Yesterday portions of the Orange, Silver and Blue lines had a service suspension due to a fire at a power substation, today it is portions of the Yellow and Green lines that have a service suspension due to a power loss. Maybe a higher power can help!

As I said recently in a different thread, riding Metro is like shooting craps!


----------



## CHamilton (Sep 23, 2015)

Must have worked.

Metro says traffic light for Pope's first morning in DC


----------



## The Davy Crockett (Sep 23, 2015)

There must of been a lot of folks hailing Mary!

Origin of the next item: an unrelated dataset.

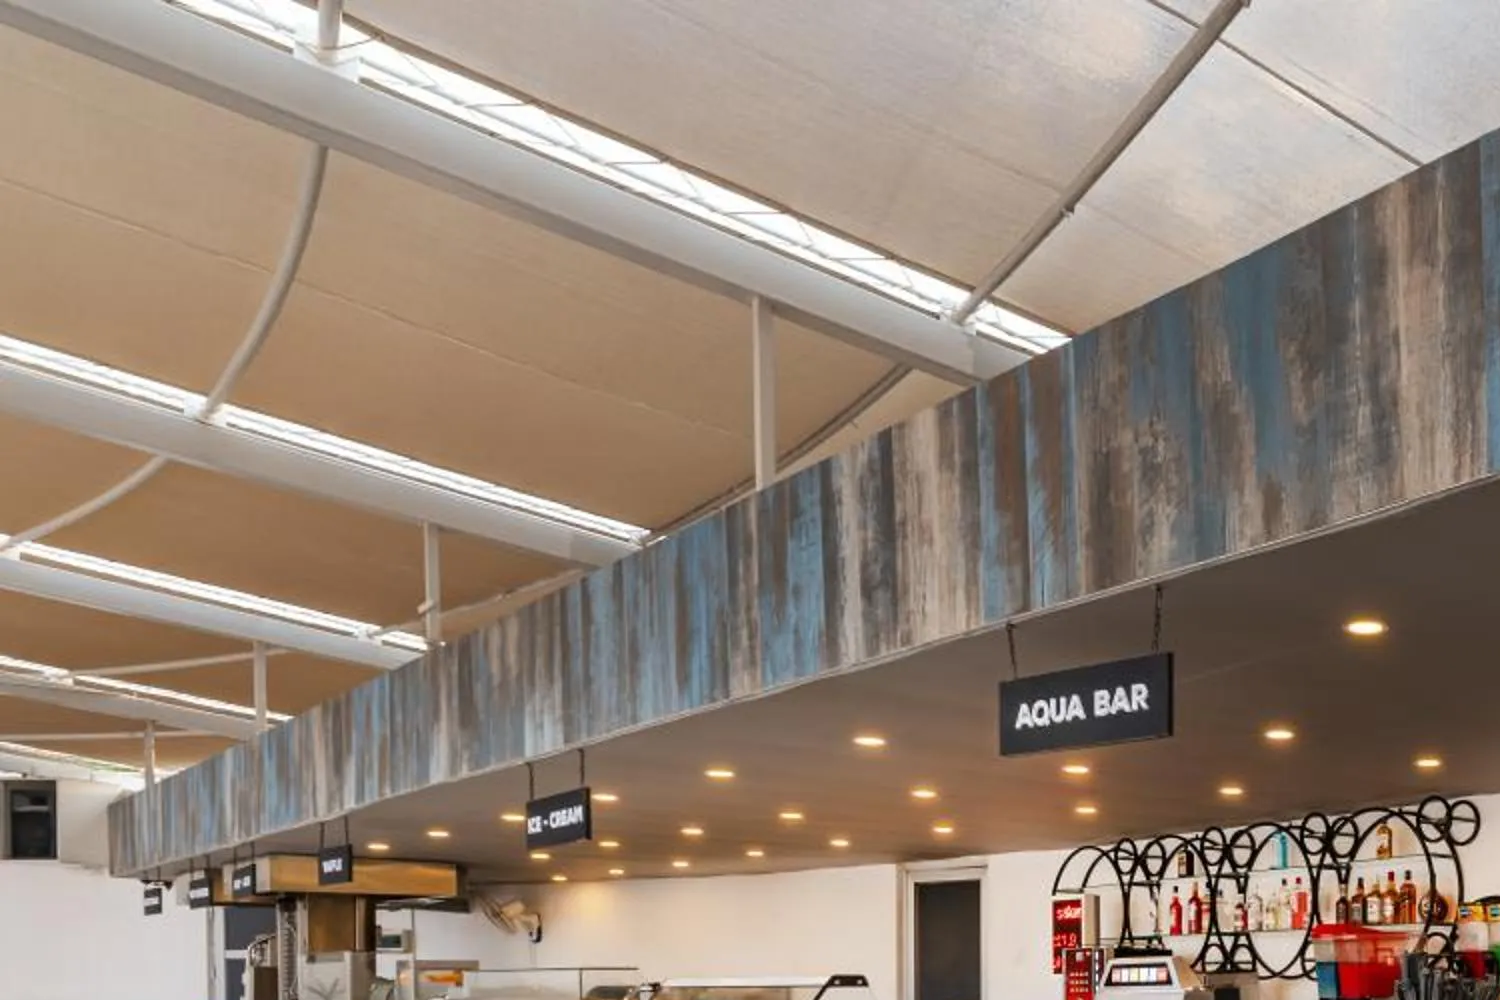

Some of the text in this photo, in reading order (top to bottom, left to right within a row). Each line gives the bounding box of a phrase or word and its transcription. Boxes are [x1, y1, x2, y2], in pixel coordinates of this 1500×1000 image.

[1015, 683, 1149, 730] AQUA BAR
[549, 805, 584, 828] CREAM

Mary the cab driver, Mary the bus driver, Mary the Uber driver, Mary the Lyft driver...


----------



## Texan Eagle (Sep 23, 2015)

As someone who has been through the curse of using WMATA multiple times, I wholeheartedly agree with this petition.

If this does not work, next can someone try exorcism please?


----------



## neroden (Sep 24, 2015)

Riiiiiight.


----------



## The Davy Crockett (Sep 24, 2015)

"I cast you out! Unclean Spirit!"

An exorcism would be a great idea, but Georgetown's leaders at the time Metro was being planned snubbed and chafed at the idea of a Metro stop anywhere near Georgetown, because they claimed it would bring in too many of the 'great unwashed' (read people of color). The elitists and bigots prevailed, and thus there is no stop in Georgetown. As a result there is no place for *Father Merrin *to perform an exorcism. 

Although Georgetown now regrets their opposition to a stop, obviously Metro's woes can be traced to the community leaders of Georgetown at the time and Metro was therefore ultimately cursed and possessed from the start! :giggle:


----------



## CHamilton (Sep 25, 2015)

Pope Francis Lays Hands On Ailing U.S. Infrastructure

It's The Onion, but I wish...


----------



## The Davy Crockett (Sep 25, 2015)

Sometimes the accuracy of The Onion's pungent, biting sarcasm makes me cry! -_-

BTW - I really enjoyed the "What do you think?" piece one can find when one scrolls down from the article. It does such a nice job of capturing the 'friendly openness' of some east coast megalopolites!


----------